Thank you. I will get off my soap box now.


----------



## Irons (Jul 14, 2010)

glorycloud said:


> OK, I can't stand it anymore. It's altar, not alter!!
> We "alter" gold in powder form with heat into gold in metal form.
> (Well at least some people can. 8) )
> 
> ...



The whole point of this discussion was to alter the Gold. :mrgreen:


----------



## goldsilverpro (Jul 14, 2010)

> The whole point of this discussion was to alter the Gold.


What would we do without you, Irons?


----------



## nickvc (Jul 14, 2010)

goldsilverpro said:


> > The whole point of this discussion was to alter the Gold.
> 
> 
> What would we do without you, Irons?


Love it...haha


----------



## Irons (Jul 14, 2010)

goldsilverpro said:


> > The whole point of this discussion was to alter the Gold.
> 
> 
> What would we do without you, Irons?



Probably live a few years longer. :mrgreen:


----------



## Chumbawamba (Jul 14, 2010)

At the risk of suggesting an entire plot re-write, one which is much simpler as well, I propose the following:

Everyone is wary of gold-plated tungsten bars, but who would ever suspect tungsten-plated gold bars?

Have the crooks disguise the gold as a shipment of tungsten, filling out the pallet with whole tungsten ingots as necessary.

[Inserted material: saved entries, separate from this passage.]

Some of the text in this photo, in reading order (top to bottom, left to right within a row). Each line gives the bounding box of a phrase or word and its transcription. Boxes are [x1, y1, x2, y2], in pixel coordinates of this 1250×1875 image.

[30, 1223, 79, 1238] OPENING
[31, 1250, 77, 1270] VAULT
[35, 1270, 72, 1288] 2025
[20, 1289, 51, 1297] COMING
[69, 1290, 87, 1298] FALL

Once on the other side, the tungsten is stripped in an acid bath and voila: 2 tonnes of smuggled gold.


----------



## Anonymous (Jul 14, 2010)

Thank you Irons, I have just looked it up and an Accelerator Mass Spectrometer can get a result from 1-2 milligrams so that requires a rethink.
The Saxons used to etch their gold to enhance the yellow colour. I will research what type of acid they used to see if that will remove traces of beeswax without leaving a residue that could be as easily dated. 

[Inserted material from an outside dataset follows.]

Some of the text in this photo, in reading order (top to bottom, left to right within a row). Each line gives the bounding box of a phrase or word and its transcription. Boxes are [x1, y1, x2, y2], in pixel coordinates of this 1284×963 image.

I will have to go back through this discussion and alter alter to altar. I consider my hand slapped and am hanging my head in shame as I write this. Stay on your soapbox, I like pedants. I am one myself.


----------



## glorycloud (Jul 14, 2010)

Hey Irons, should I be wanting to fight this guy for calling me a pedant? :lol:


----------



## goldsilverpro (Jul 14, 2010)

> The Saxons used to etch their gold to enhance the yellow colour.



It's called depletion gilding. Still used today.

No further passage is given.